La meca-mística bioelectrónica también puede ser formulada como la conjunción de amor y electricidad. Para Val del Omar, el amor es la energía de la vida y la verdadera cultura de la sangre; la electricidad es la vida de la materia y la prolongación de nuestro sistema nervioso. La meca-mística, es el «tránsito entre el infrarrojo monocelular y el ultravioleta en la cero gravedad». Val del Omar es consciente de que a veces es oscuro e incomprensible, que la región mental desde la que habla es aparentemente lejana. Pero al igual que históricamente ocurre con la experiencia mística, ¿cómo transmitir la experiencia erótico-electrónica, cómo compartirla? ¿Cómo se narra la aceleración paroxística, el éxtasis mecánico? La respuesta es la poesía de San Juan de la Cruz, su chisporroteo lírico, que representa el ácido definitivo, el disolvente perfecto para los estados mentales anacrónicos. La mística y la electricidad son tan afines que el manual de operaciones de cualquier astronave debería ser el «Cántico Espiritual» de San Juan de la Cruz. Es imperativo que nuestro místico sea nombrado Santo Patrón de la NASA.

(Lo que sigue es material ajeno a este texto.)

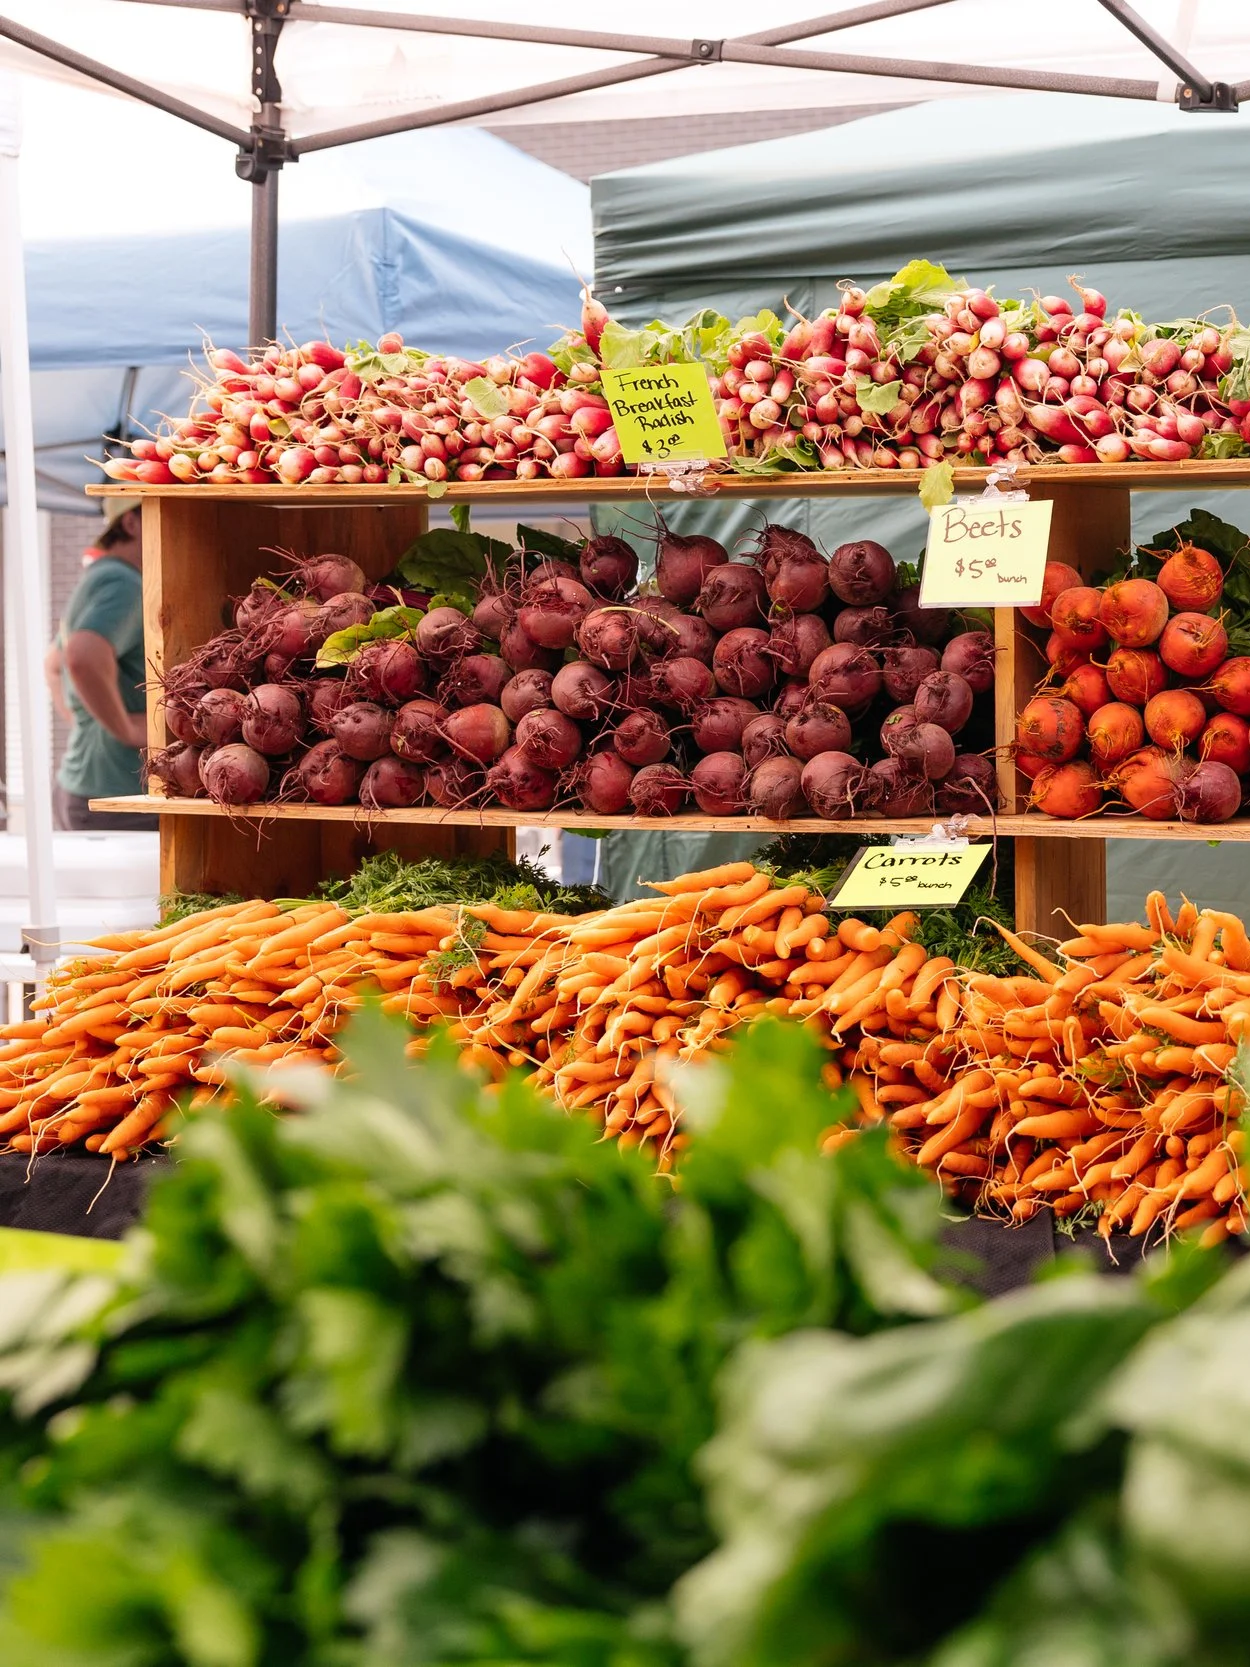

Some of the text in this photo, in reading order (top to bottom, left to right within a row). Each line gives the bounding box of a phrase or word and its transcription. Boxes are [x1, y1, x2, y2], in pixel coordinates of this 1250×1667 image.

[613, 372, 679, 391] French
[612, 391, 698, 417] Breakfast
[634, 410, 695, 432] Radish
[941, 507, 1022, 543] Beets
[997, 573, 1027, 584] bunch
[863, 852, 963, 870] Carrots
[917, 881, 952, 889] bunch

Coincidiendo con la explosión científica y tecnológica de los años 20 del siglo pasado, Emilio Herrera perteneció a un selecto e insólito club, un club al que también Val del Omar hubiera debido pertenecer: el Hyperclub. Para ser miembro, había que gozar de un sólido fundamento científico, tecnológico e intelectual y carecer del más mínimo atisbo de sentido común además de poseer una excéntrica y periférica imaginación. El Hyperclub solo daba cabida a ideas disparatadas, contradictorias e ilógicas; a proyectos científicos absurdos, inviables e inútiles. Reunidos junto a un hospital psiquiátrico, los miembros del Hyperclub planeaban cómo bombardear el palacio del Pardo, diseñaban motores que no necesitan combustible o daban por sentada la peor manera de viajar a la Luna. Poblado de aviadores, el Hyperclub es un club vertical: no es casual que Juan de la Cierva, el inventor del autogiro, fuese también miembro. El Hyperclub español es un claro predecesor del famoso Colegio de Patafísica francés, fundado 28 años más tarde: la patafísica no es otra cosa que la ciencia de las soluciones imaginarias.

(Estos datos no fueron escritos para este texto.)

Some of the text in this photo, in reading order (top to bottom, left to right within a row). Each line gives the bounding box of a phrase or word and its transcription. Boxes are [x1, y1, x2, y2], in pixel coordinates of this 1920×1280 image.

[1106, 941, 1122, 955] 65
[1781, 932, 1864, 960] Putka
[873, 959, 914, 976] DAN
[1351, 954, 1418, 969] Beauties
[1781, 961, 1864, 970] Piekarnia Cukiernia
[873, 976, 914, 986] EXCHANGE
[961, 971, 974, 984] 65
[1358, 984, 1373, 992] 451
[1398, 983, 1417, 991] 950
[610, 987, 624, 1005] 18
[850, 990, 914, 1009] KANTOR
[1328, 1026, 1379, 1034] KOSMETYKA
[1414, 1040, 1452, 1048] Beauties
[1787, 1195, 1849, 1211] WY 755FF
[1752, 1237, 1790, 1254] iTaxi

Pasar la Nochebuena de 1907 subido a un globo aerostático que solo consiguió desplazarse por Madrid a ras de suelo por culpa de una intensa lluvia, le valió a Emilio Herrera su ingreso en el Hyperclub. Frente a esto, el gusto juvenil de Val del Omar por dormir en los nichos vacíos de un cementerio abandonado, lo hubiese aupado a la presidencia del Hyperclub de forma automática.
«Acaso lo que hace a unos menos aptos para el tipo de civilización que hoy priva en el mundo, sea esa mismo lo que les haga más aptos para un tipo de civilización futura» escribió Miguel de Unamuno en 1912…
¡Amén!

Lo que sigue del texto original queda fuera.